Reproduce the records below exactly, leaving their images out.

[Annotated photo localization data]
........
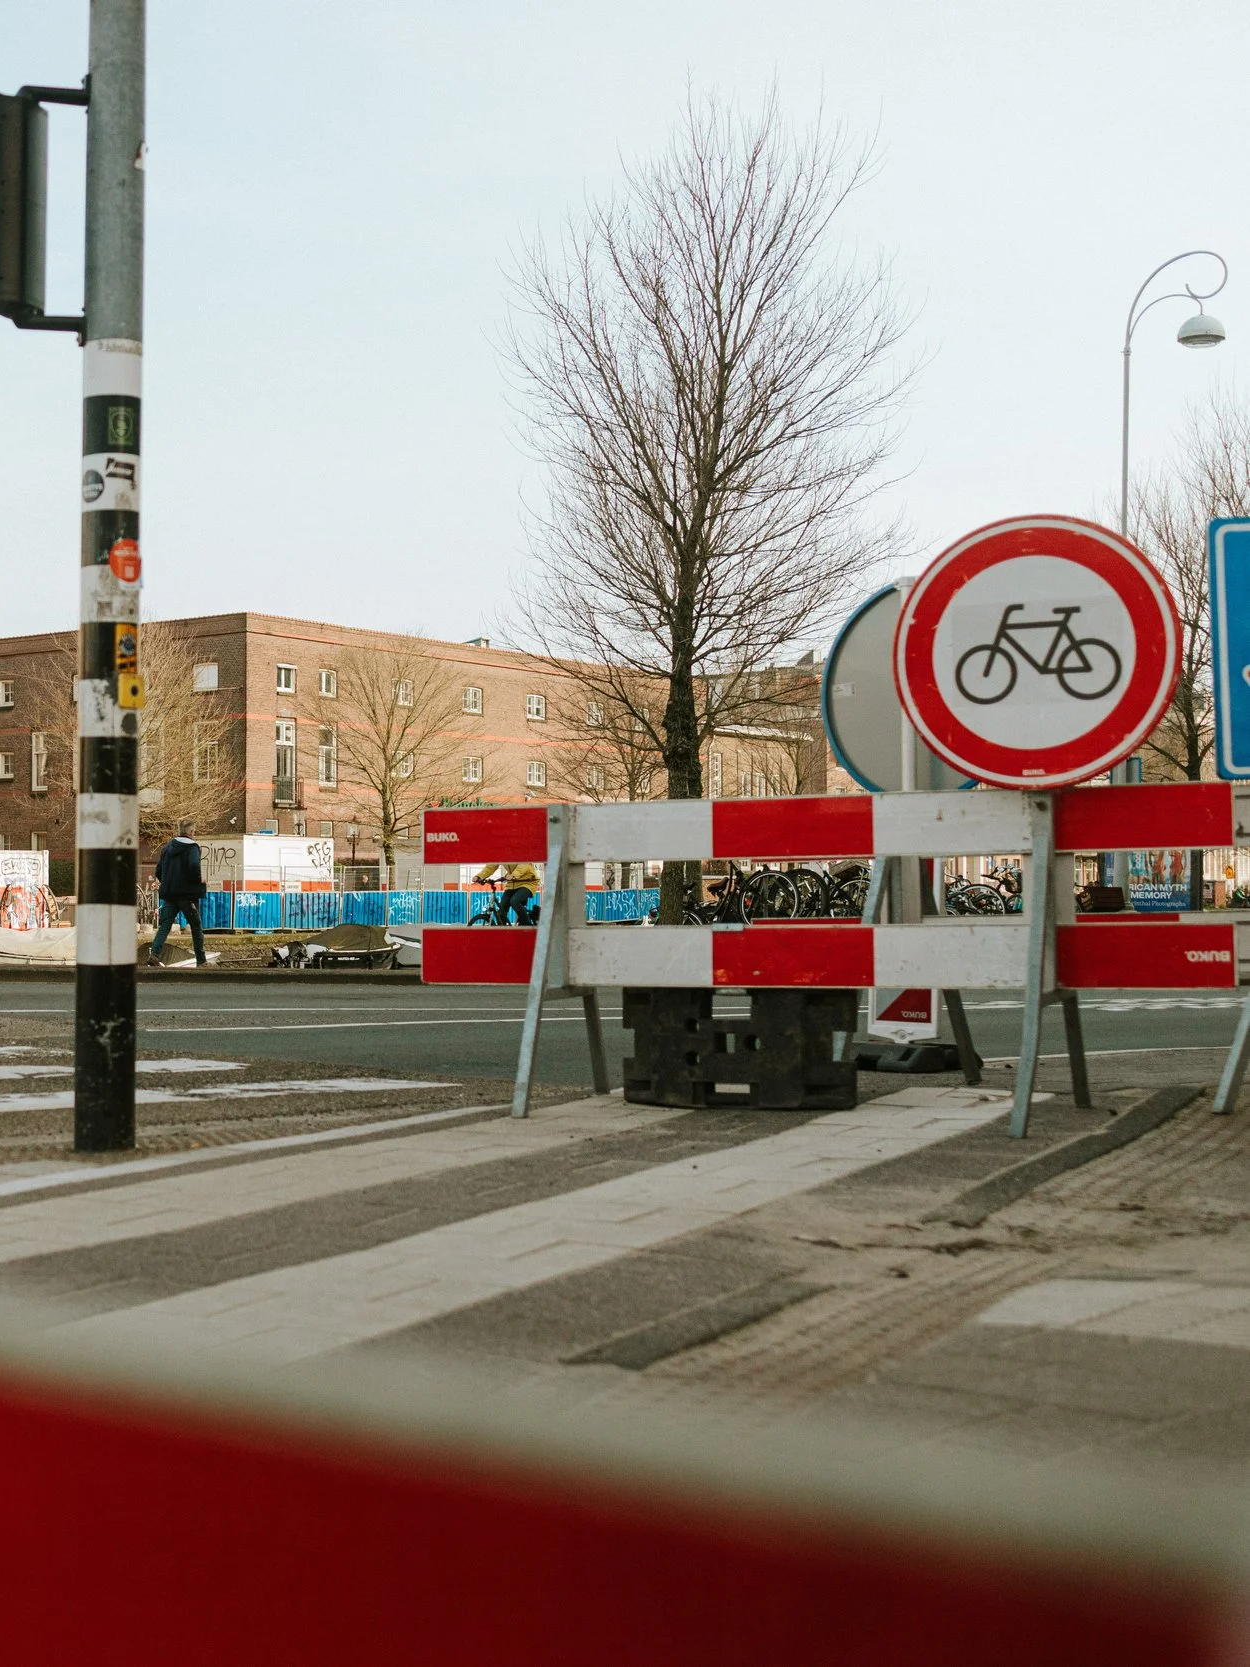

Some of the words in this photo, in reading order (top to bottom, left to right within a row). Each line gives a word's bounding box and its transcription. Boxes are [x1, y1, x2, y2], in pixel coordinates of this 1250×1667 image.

[426, 831, 460, 843] BUKO.
[1130, 891, 1172, 899] MEMORY
[1184, 950, 1231, 962] BUKO.
[901, 1010, 928, 1019] BUKO.
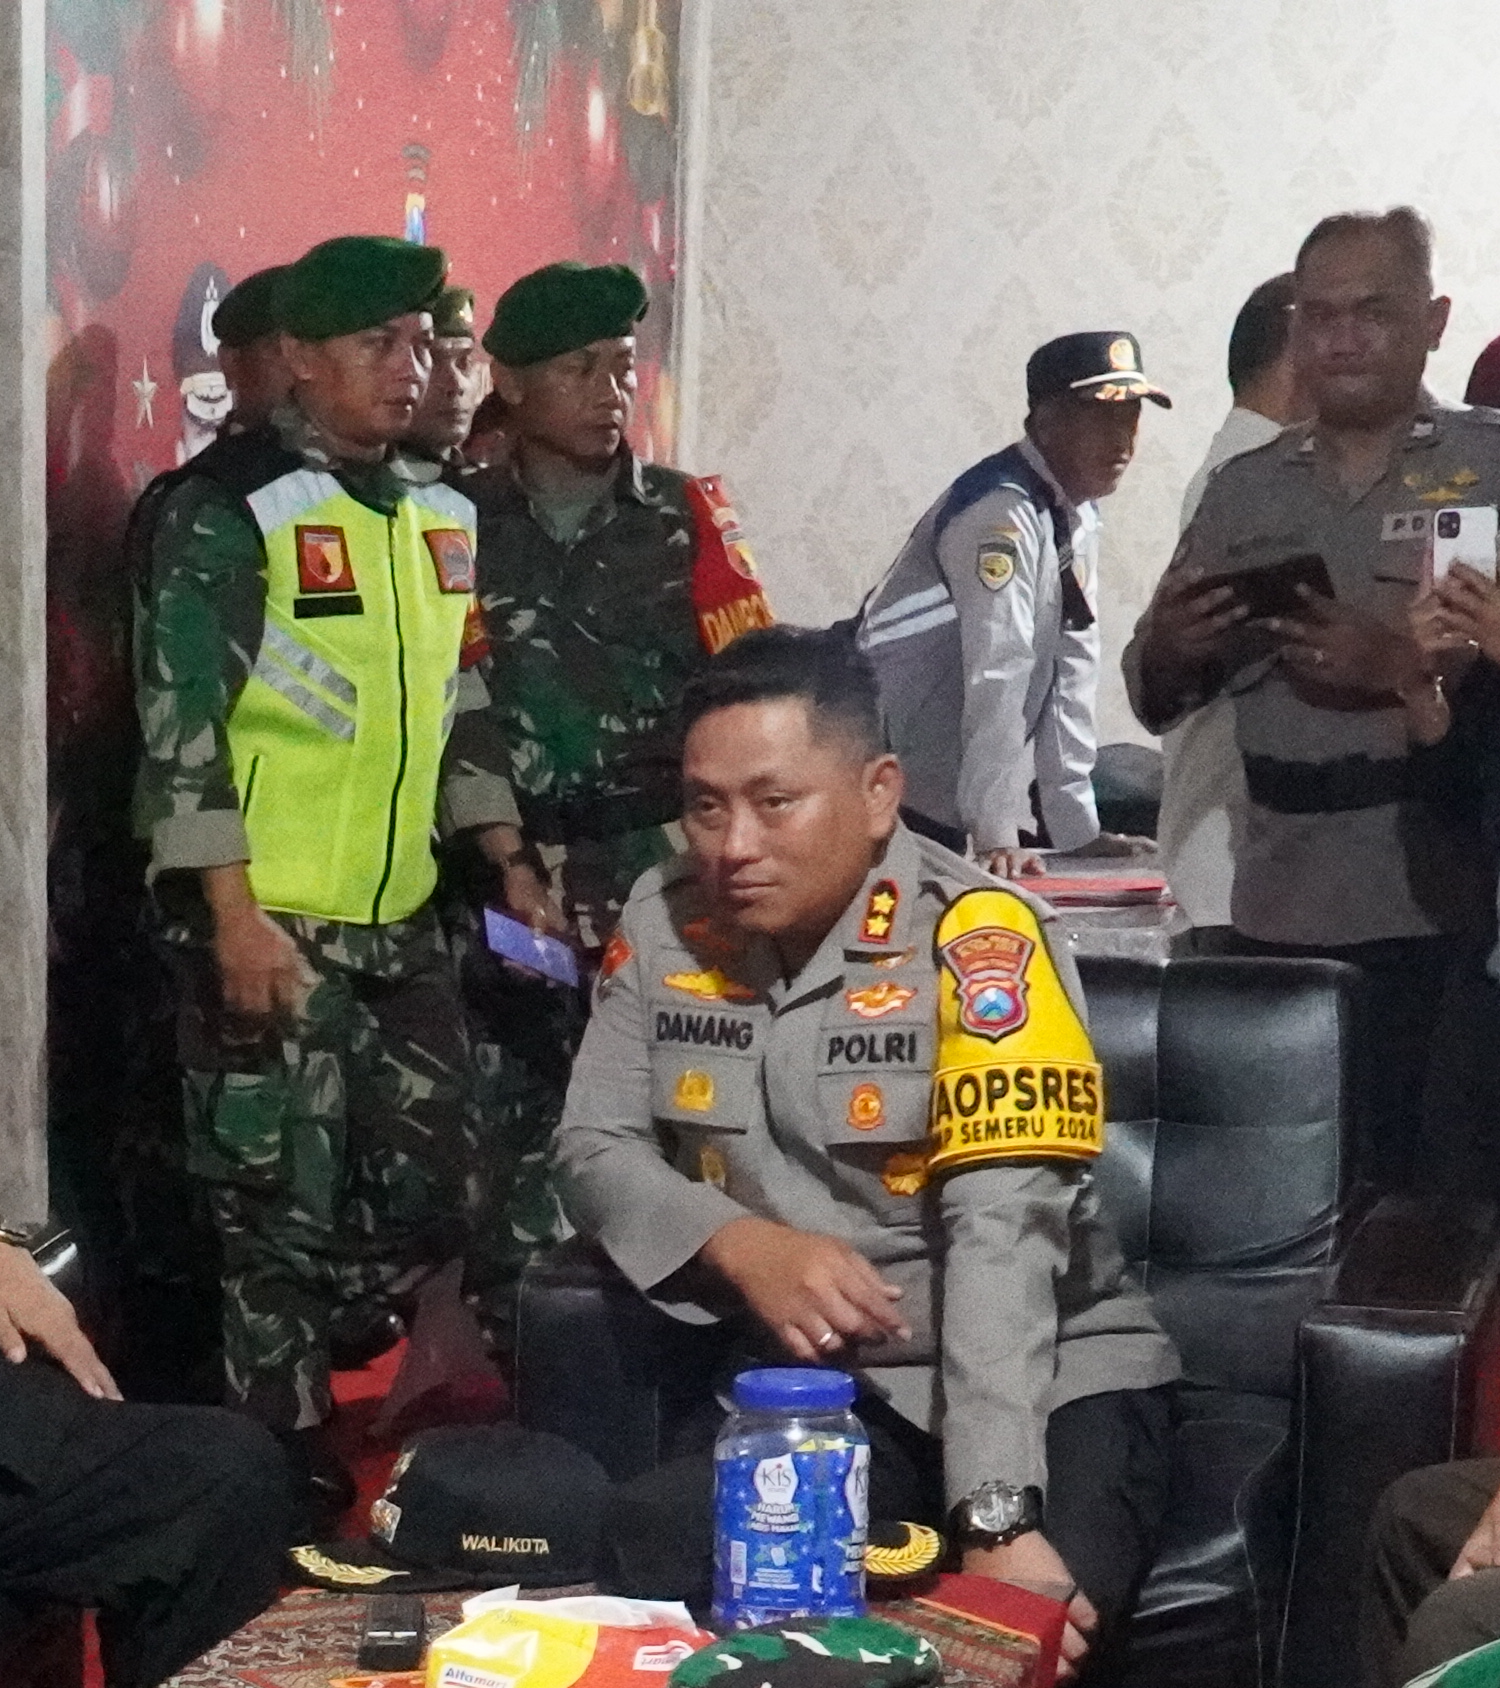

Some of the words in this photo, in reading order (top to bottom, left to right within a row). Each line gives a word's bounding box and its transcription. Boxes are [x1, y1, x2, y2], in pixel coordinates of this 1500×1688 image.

[656, 1011, 754, 1051] DANANG
[827, 1030, 917, 1066] POLRI
[960, 1115, 1045, 1145] SEMERU
[1055, 1116, 1097, 1143] 2024
[462, 1533, 550, 1554] WALIKOTA
........
| Answer below |
Some of the words in this photo, in reading order (top to bottom, left to right within a row). Each line gives a word's bounding box and its transcription. Boxes are [x1, y1, x2, y2], in pixel coordinates of this 1250×1667 image.

[426, 831, 460, 843] BUKO.
[1130, 891, 1172, 899] MEMORY
[1184, 950, 1231, 962] BUKO.
[901, 1010, 928, 1019] BUKO.

Some of the words in this photo, in reading order (top to bottom, left to right within a row). Each line gives a word's bounding box and its transcription. Boxes are [x1, y1, x2, y2], in pixel coordinates of this 1500×1688 image.

[656, 1011, 754, 1051] DANANG
[827, 1030, 917, 1066] POLRI
[960, 1115, 1045, 1145] SEMERU
[1055, 1116, 1097, 1143] 2024
[462, 1533, 550, 1554] WALIKOTA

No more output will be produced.